▶ [SOURCE MATERIAL]
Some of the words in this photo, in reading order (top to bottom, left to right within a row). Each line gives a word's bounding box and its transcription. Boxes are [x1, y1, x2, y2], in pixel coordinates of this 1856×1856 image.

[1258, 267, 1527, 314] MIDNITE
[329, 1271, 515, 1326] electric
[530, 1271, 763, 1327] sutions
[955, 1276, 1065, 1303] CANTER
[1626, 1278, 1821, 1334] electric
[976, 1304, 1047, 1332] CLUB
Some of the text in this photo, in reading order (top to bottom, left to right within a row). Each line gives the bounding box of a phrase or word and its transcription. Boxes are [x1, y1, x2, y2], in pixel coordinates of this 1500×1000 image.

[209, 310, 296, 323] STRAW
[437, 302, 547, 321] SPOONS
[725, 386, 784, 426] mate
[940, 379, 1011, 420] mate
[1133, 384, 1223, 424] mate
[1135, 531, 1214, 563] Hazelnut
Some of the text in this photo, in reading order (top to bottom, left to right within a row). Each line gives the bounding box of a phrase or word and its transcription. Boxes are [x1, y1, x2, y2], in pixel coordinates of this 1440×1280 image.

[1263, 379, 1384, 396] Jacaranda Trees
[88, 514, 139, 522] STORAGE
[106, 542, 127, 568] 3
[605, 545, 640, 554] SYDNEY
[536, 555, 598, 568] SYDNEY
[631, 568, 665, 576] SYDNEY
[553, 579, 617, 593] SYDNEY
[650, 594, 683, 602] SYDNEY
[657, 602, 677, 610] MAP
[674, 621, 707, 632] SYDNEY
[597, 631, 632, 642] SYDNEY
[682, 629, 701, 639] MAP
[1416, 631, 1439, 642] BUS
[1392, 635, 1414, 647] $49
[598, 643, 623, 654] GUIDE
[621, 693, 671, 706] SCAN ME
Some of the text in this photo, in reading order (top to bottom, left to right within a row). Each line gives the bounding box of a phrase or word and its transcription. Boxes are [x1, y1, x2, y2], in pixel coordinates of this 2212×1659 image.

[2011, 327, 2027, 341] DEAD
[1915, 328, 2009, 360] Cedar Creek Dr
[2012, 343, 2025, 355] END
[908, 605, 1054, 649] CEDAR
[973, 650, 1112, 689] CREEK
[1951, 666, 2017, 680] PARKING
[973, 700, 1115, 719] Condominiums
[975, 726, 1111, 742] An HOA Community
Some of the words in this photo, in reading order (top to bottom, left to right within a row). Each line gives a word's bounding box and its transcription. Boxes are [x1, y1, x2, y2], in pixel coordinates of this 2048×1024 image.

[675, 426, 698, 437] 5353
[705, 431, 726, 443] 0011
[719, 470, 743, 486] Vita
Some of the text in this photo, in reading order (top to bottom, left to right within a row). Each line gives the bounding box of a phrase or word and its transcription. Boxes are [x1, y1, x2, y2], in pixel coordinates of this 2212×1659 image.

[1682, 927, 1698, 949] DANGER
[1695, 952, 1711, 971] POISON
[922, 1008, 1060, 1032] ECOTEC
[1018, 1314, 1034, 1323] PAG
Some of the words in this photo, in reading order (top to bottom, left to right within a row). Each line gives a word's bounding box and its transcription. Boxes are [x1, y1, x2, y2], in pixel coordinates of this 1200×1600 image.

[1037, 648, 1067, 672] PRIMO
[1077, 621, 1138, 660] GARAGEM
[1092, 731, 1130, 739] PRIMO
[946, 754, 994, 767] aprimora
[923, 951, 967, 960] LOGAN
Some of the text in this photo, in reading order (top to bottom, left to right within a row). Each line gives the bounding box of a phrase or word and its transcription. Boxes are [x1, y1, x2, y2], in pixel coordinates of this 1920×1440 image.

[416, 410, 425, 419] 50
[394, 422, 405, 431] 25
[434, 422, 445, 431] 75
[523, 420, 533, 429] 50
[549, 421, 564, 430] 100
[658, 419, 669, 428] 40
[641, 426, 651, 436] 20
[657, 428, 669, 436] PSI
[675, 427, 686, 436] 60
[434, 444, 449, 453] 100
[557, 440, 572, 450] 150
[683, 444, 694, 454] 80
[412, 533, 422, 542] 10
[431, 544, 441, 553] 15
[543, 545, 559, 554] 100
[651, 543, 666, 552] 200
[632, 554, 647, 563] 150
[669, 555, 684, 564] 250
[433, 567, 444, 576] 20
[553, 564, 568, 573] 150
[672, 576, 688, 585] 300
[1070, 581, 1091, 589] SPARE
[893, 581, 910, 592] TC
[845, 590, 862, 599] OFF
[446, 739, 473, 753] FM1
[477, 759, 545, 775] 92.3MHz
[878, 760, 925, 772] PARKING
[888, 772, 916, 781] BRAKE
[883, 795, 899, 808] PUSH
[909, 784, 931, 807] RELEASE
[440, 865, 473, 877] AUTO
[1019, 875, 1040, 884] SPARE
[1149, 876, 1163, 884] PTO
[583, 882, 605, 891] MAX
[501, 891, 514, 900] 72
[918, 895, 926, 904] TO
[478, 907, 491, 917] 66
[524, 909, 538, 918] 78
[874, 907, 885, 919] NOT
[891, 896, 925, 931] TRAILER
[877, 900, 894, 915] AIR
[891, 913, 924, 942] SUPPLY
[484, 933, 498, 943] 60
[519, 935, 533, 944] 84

▶ [EXERCISE GOAL]
Your reply should repeat the entire listing, word for word and complete.

▶ [ANSWER]
Some of the words in this photo, in reading order (top to bottom, left to right within a row). Each line gives a word's bounding box and its transcription. Boxes are [x1, y1, x2, y2], in pixel coordinates of this 1856×1856 image.

[1258, 267, 1527, 314] MIDNITE
[329, 1271, 515, 1326] electric
[530, 1271, 763, 1327] sutions
[955, 1276, 1065, 1303] CANTER
[1626, 1278, 1821, 1334] electric
[976, 1304, 1047, 1332] CLUB
Some of the text in this photo, in reading order (top to bottom, left to right within a row). Each line gives the bounding box of a phrase or word and its transcription. Boxes are [x1, y1, x2, y2], in pixel coordinates of this 1500×1000 image.

[209, 310, 296, 323] STRAW
[437, 302, 547, 321] SPOONS
[725, 386, 784, 426] mate
[940, 379, 1011, 420] mate
[1133, 384, 1223, 424] mate
[1135, 531, 1214, 563] Hazelnut
Some of the text in this photo, in reading order (top to bottom, left to right within a row). Each line gives the bounding box of a phrase or word and its transcription. Boxes are [x1, y1, x2, y2], in pixel coordinates of this 1440×1280 image.

[1263, 379, 1384, 396] Jacaranda Trees
[88, 514, 139, 522] STORAGE
[106, 542, 127, 568] 3
[605, 545, 640, 554] SYDNEY
[536, 555, 598, 568] SYDNEY
[631, 568, 665, 576] SYDNEY
[553, 579, 617, 593] SYDNEY
[650, 594, 683, 602] SYDNEY
[657, 602, 677, 610] MAP
[674, 621, 707, 632] SYDNEY
[597, 631, 632, 642] SYDNEY
[682, 629, 701, 639] MAP
[1416, 631, 1439, 642] BUS
[1392, 635, 1414, 647] $49
[598, 643, 623, 654] GUIDE
[621, 693, 671, 706] SCAN ME
Some of the text in this photo, in reading order (top to bottom, left to right within a row). Each line gives the bounding box of a phrase or word and its transcription. Boxes are [x1, y1, x2, y2], in pixel coordinates of this 2212×1659 image.

[2011, 327, 2027, 341] DEAD
[1915, 328, 2009, 360] Cedar Creek Dr
[2012, 343, 2025, 355] END
[908, 605, 1054, 649] CEDAR
[973, 650, 1112, 689] CREEK
[1951, 666, 2017, 680] PARKING
[973, 700, 1115, 719] Condominiums
[975, 726, 1111, 742] An HOA Community
Some of the words in this photo, in reading order (top to bottom, left to right within a row). Each line gives a word's bounding box and its transcription. Boxes are [x1, y1, x2, y2], in pixel coordinates of this 2048×1024 image.

[675, 426, 698, 437] 5353
[705, 431, 726, 443] 0011
[719, 470, 743, 486] Vita
Some of the text in this photo, in reading order (top to bottom, left to right within a row). Each line gives the bounding box of a phrase or word and its transcription. Boxes are [x1, y1, x2, y2], in pixel coordinates of this 2212×1659 image.

[1682, 927, 1698, 949] DANGER
[1695, 952, 1711, 971] POISON
[922, 1008, 1060, 1032] ECOTEC
[1018, 1314, 1034, 1323] PAG
Some of the words in this photo, in reading order (top to bottom, left to right within a row). Each line gives a word's bounding box and its transcription. Boxes are [x1, y1, x2, y2], in pixel coordinates of this 1200×1600 image.

[1037, 648, 1067, 672] PRIMO
[1077, 621, 1138, 660] GARAGEM
[1092, 731, 1130, 739] PRIMO
[946, 754, 994, 767] aprimora
[923, 951, 967, 960] LOGAN
Some of the text in this photo, in reading order (top to bottom, left to right within a row). Each line gives the bounding box of a phrase or word and its transcription. Boxes are [x1, y1, x2, y2], in pixel coordinates of this 1920×1440 image.

[416, 410, 425, 419] 50
[394, 422, 405, 431] 25
[434, 422, 445, 431] 75
[523, 420, 533, 429] 50
[549, 421, 564, 430] 100
[658, 419, 669, 428] 40
[641, 426, 651, 436] 20
[657, 428, 669, 436] PSI
[675, 427, 686, 436] 60
[434, 444, 449, 453] 100
[557, 440, 572, 450] 150
[683, 444, 694, 454] 80
[412, 533, 422, 542] 10
[431, 544, 441, 553] 15
[543, 545, 559, 554] 100
[651, 543, 666, 552] 200
[632, 554, 647, 563] 150
[669, 555, 684, 564] 250
[433, 567, 444, 576] 20
[553, 564, 568, 573] 150
[672, 576, 688, 585] 300
[1070, 581, 1091, 589] SPARE
[893, 581, 910, 592] TC
[845, 590, 862, 599] OFF
[446, 739, 473, 753] FM1
[477, 759, 545, 775] 92.3MHz
[878, 760, 925, 772] PARKING
[888, 772, 916, 781] BRAKE
[883, 795, 899, 808] PUSH
[909, 784, 931, 807] RELEASE
[440, 865, 473, 877] AUTO
[1019, 875, 1040, 884] SPARE
[1149, 876, 1163, 884] PTO
[583, 882, 605, 891] MAX
[501, 891, 514, 900] 72
[918, 895, 926, 904] TO
[478, 907, 491, 917] 66
[524, 909, 538, 918] 78
[874, 907, 885, 919] NOT
[891, 896, 925, 931] TRAILER
[877, 900, 894, 915] AIR
[891, 913, 924, 942] SUPPLY
[484, 933, 498, 943] 60
[519, 935, 533, 944] 84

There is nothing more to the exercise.